I want people to celebrate and recognise ‘abilities’ rather than ‘disabilities’, moving away from shuddering myths – a walking nightmare or worst case scenario that many can’t possibly even relate to. On the contrary, you don’t have to be totally deaf nor totally blind to be considered ‘deafblind’.

When I had my guide dog Matt, it was quite a regular occurrence: “Lovely dog, are you training him?”

“No,” I would say with a smile, “he’s my guide dog.”

“Oh, you don’t look blind!”

Admittedly, I hate ‘labels’ with a passion – I always have. Growing up, it was The Deaf Girl instead of Joanne who’s deaf. And now it’s the same with ‘Deafblind’. So-called ‘labels’ can give a message of being incapable and useless in an instant, before even scratching the surface of a person’s abilities and individual talents. And we all possess those. Every single one of us.

So what exactly is Usher Syndrome? It’s a rare genetic condition, yet the leading cause of congenital deafblindness. There’s various types of Usher so everyone has their own yellow brick road depending on how early on or severe their hearing and vision loss is.

Jo MilneIt’s a bloody hard condition to deal with considering 80 per cent of information is taken in through our eyes, and then there’s the added burden of deafness. And I constantly have to prove this: to hold out my cane and its red stripes resisting a sarcastic “I just carry it around for fun” comment, because there have been members of the public who don’t believe me or assume I’m picking up litter with my cane at King’s Cross (true story).

I’ve got tunnel vision: that means I can see fine in the middle and can read slightly above normal print but I cannot see my feet when I walk, nor people as they approach my sides. If I looked at you across a table, I might only see your eyes, nose and lips. This is the diminishing tunnel through which I view the world.

A series of eye tests 11 years ago revealed a truth I’d been trying to evade for two decades — my sight was so poor I left the consultant’s office thinking: ‘What next?’

I could still see as well — or rather, as badly — as I had when I’d walked into the hospital, and yet that diagnosis had changed everything.

Then the tears came. You could take my arms, my legs, anything… just not my eyes. Not my eyes.

I thought of my family. My friends: the laughs we’d had, the jokes we’d shared. I didn’t want to be an outsider. I didn’t want to be cast into darkness, unable to share my life with them. I hung on every word we exchanged, but I realised I could barely distinguish between their faces.

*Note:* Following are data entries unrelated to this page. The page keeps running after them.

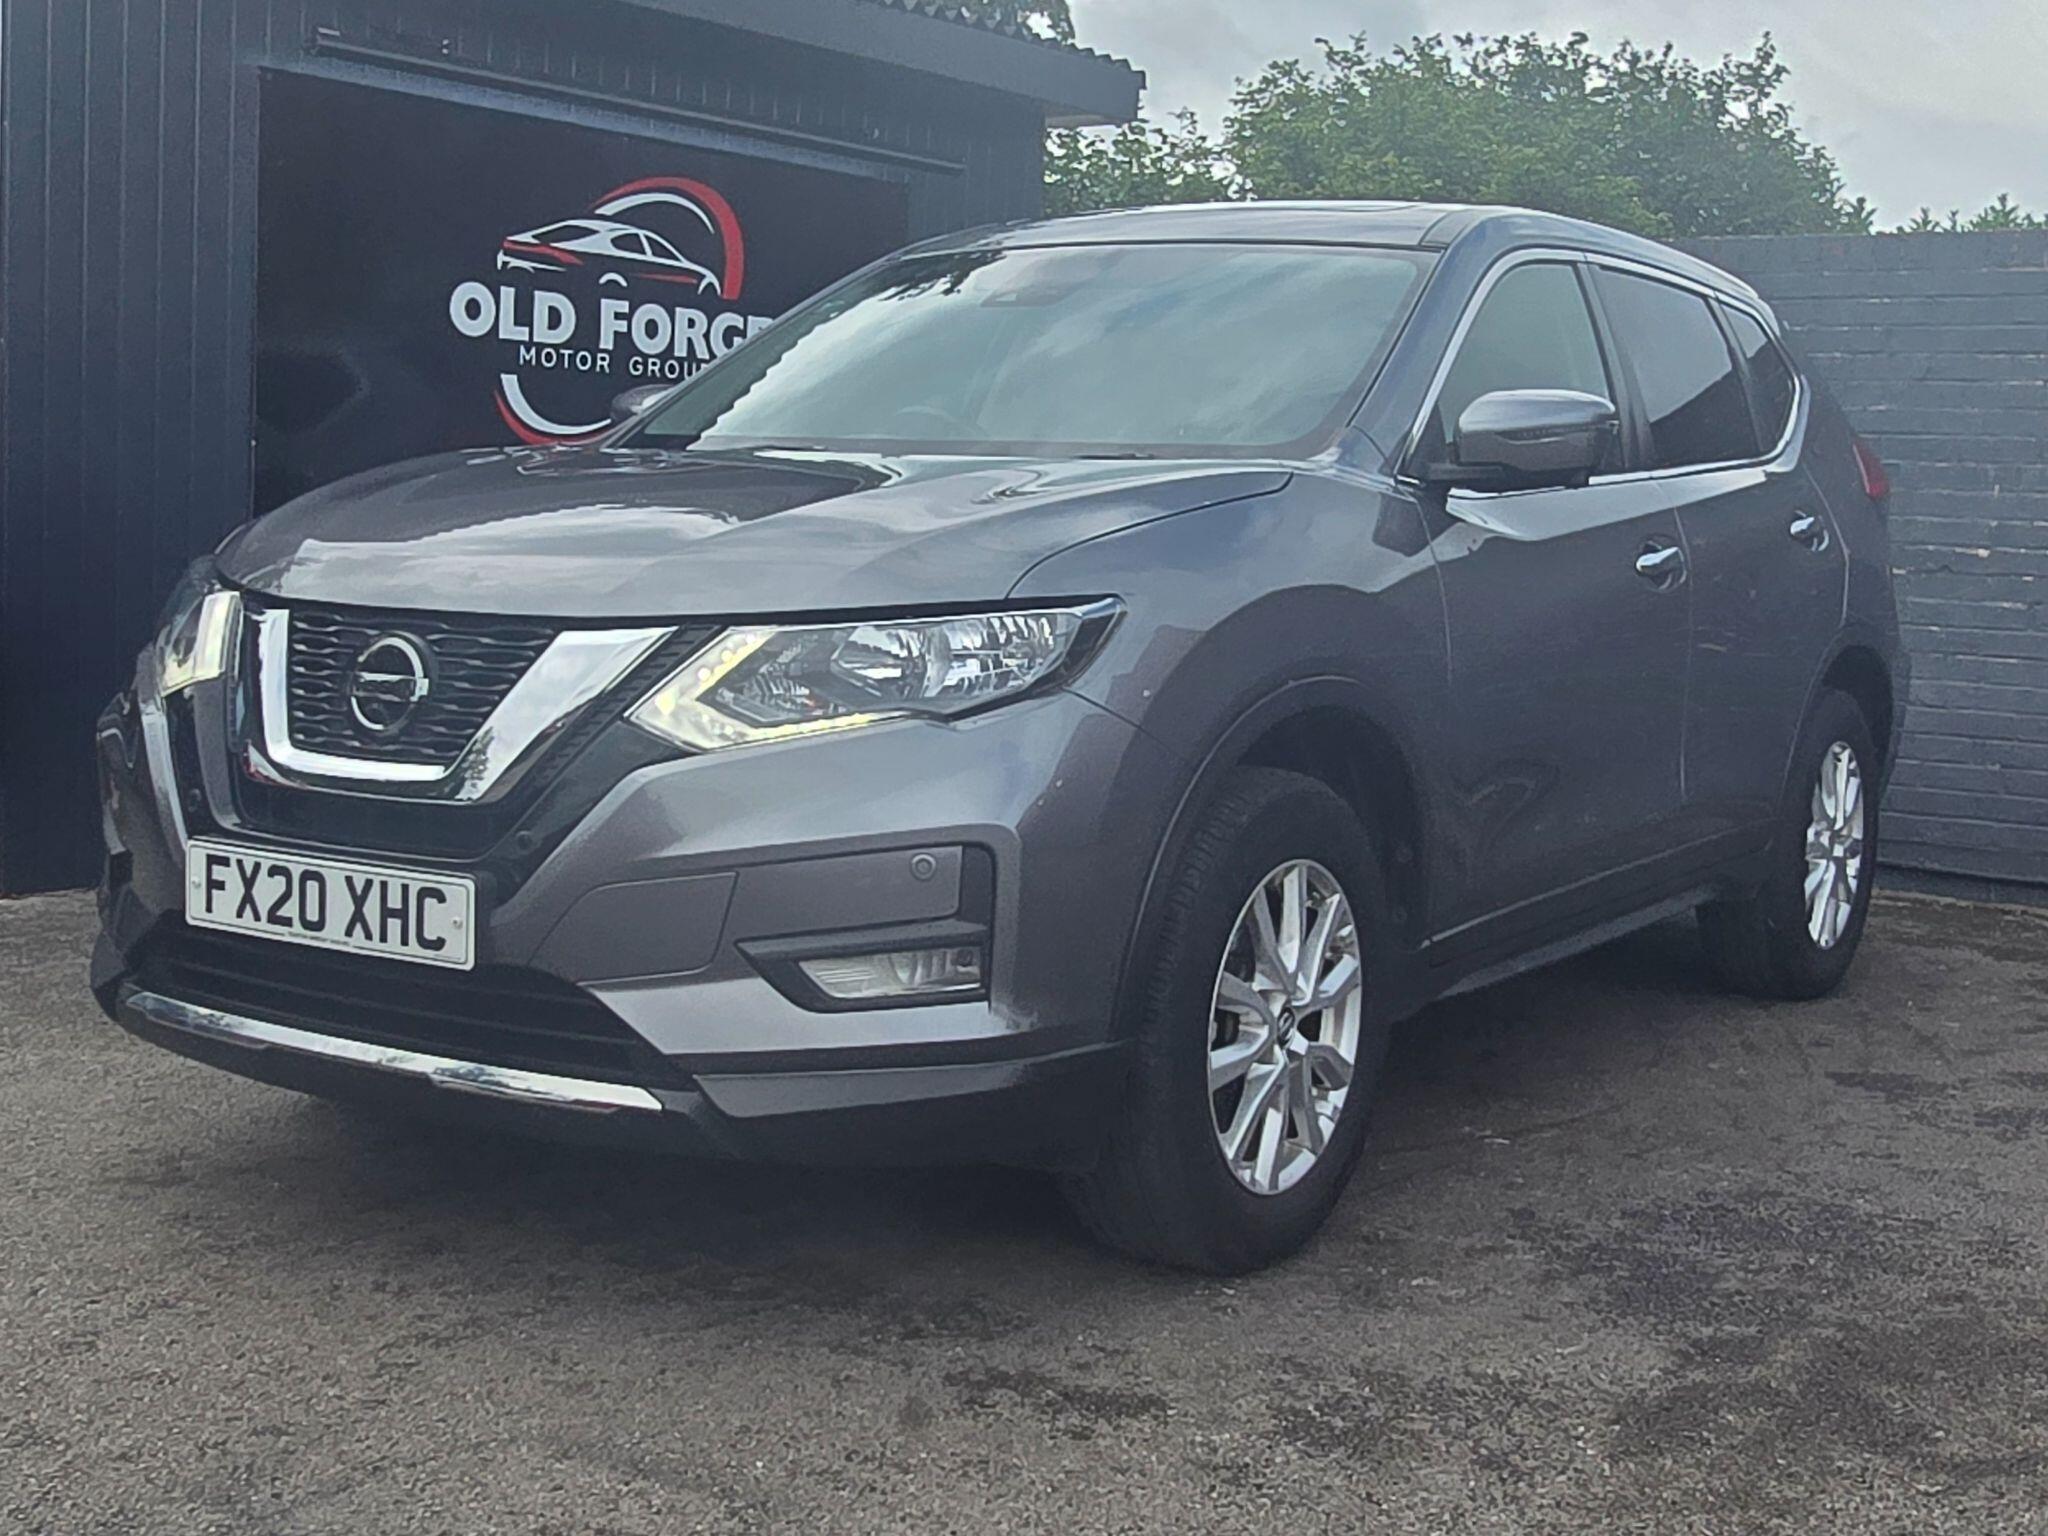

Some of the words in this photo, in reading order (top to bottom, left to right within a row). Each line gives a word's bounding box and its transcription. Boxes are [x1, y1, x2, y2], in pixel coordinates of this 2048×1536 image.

[449, 281, 576, 344] OLD
[519, 345, 610, 373] MOTOR
[629, 357, 709, 380] GROU
[205, 853, 327, 932] FX20
[344, 875, 447, 951] XHC

I sank into a deep depression that lasted for years. I was forced to give up my car and then my job. The threat to take away my channel of communication with the world made me succumb to despair. I cried day after day; the salty taste of my tears would remind me of the ocean.

Despite the shadows closing on my vision, I could still make out some of the wonders around me: the sky turning pink as the sun set, bathing me and the valleys beyond in a warm glow. I thought of all those years I’d wasted worrying that my sight was about to leave me and yet there was life right in front of me. Why stop looking? I vowed never to take my eyes off life while I still had them.

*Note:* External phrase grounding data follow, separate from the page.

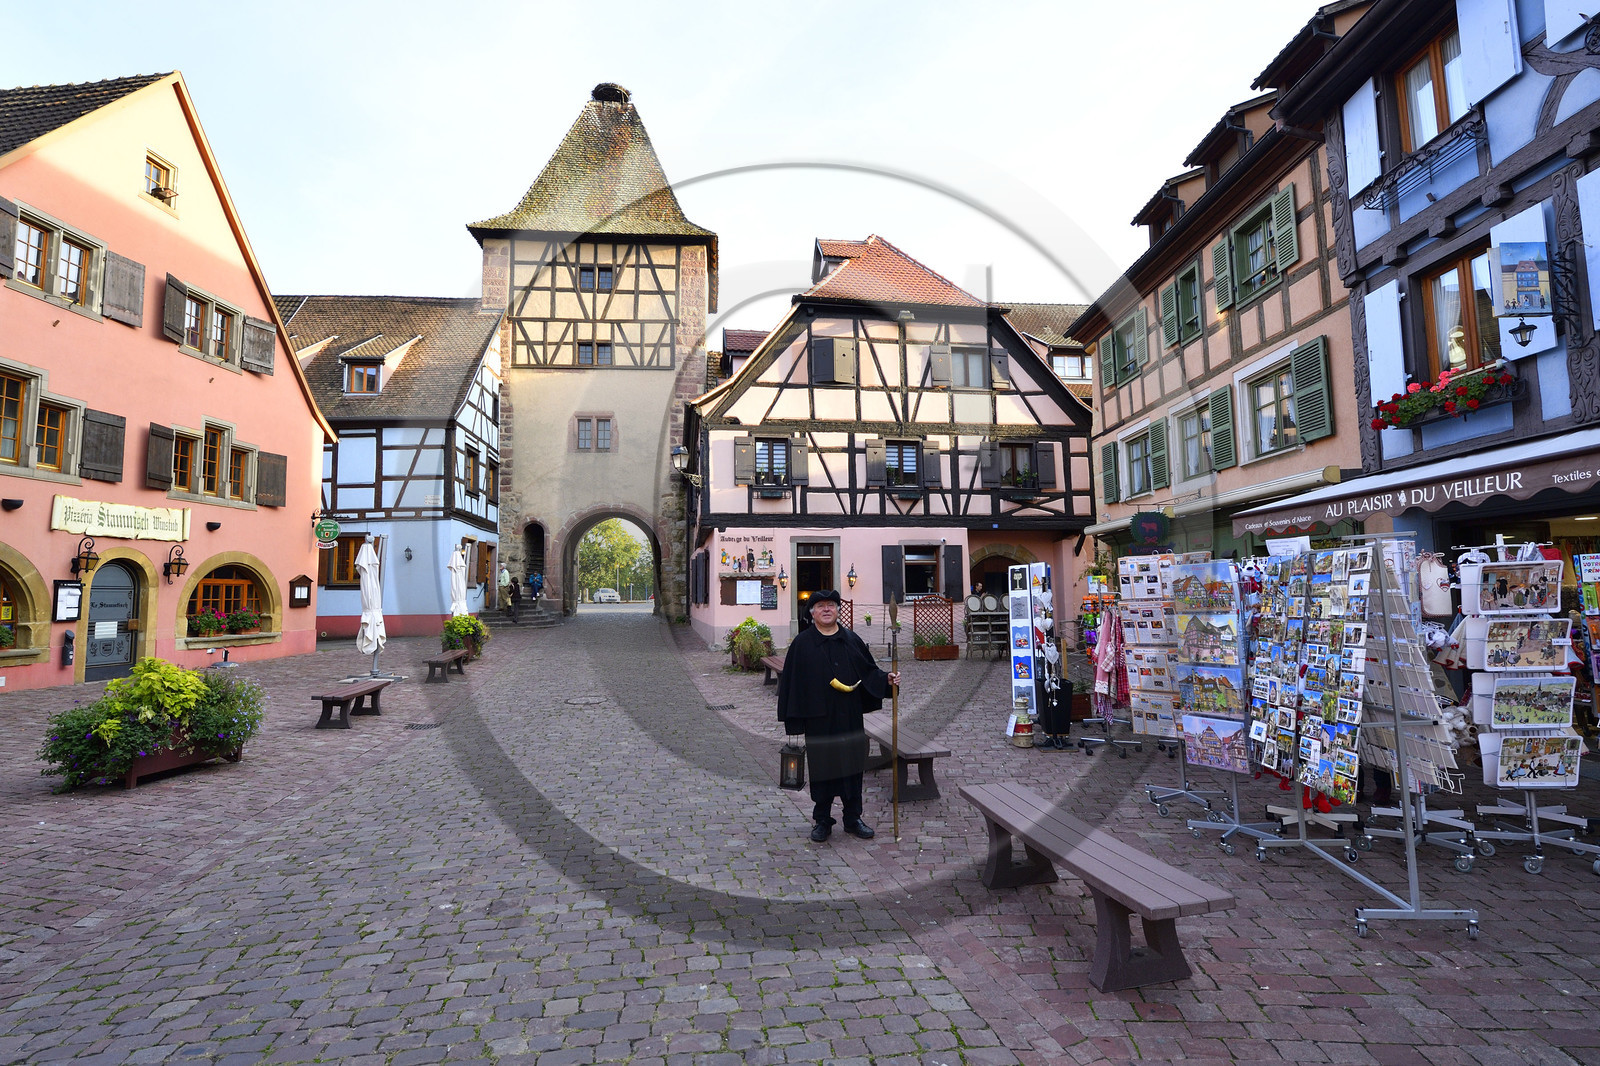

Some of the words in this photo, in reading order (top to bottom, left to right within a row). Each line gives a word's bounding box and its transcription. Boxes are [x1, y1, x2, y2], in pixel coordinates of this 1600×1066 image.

[1552, 470, 1592, 484] Textiles
[1325, 501, 1344, 519] AU
[1347, 493, 1393, 515] PLAISIR
[1411, 484, 1436, 506] DU
[1442, 471, 1523, 500] VEILLEUR
[1245, 522, 1263, 530] Cadeaux
[1269, 518, 1291, 527] Souvenirs
[1291, 515, 1312, 524] d'Alsace

It empowered me; I vowed to go back to work and look into the possibility of cochlear implant surgery.

And that’s how I found myself propelled onto the world stage a year later, with more than 12 million people watching on YouTube the moment filmed by Mum when I heard for the first time. But no one had a damn clue that the girl crying in the video was crying because she’s going blind.

I had never realised what the gift of hearing would bring me: those small, insignificant sounds coloured and heightened my life, making my flat world three-dimensional. As the darkness continues to encroach, hearing will become my window to the world around me; the dimension in which I will learn to live.

I remember always knowing that I’d go blind someday so it was always looming over my head. I remember asking my mother while still in my teens: “Why did God do this to me?” before she turned off the lights. I can only imagine how she felt at that moment, since that was an unfair question. But she told me: “Because he knew you’d be strong enough.”

“I thought of all those years I’d wasted worrying that my sight was about to leave me and yet there was life right in front of me. Why stop looking?”

By my 20s, my lower field was gone and night-blindness had kicked in. I compensated by my sheer determination to party like I wouldn’t get another opportunity, and party I did. I refused to tell anyone and some were gullible enough to attribute my clumsiness to my deafness rather than the awful truth.

And now…

What does it feel like? Frustrating. Tiring. I have to sleep at least nine hours a day just to feel rested because of the visual and mental strains. It can be terrifying to even go outside. My cochlear implant helps me be more acquainted with my surroundings but I can’t depend on precision. I do try not to worry constantly, it would be too raw so I’ll deal with what’s in front of me. Right now. Literally.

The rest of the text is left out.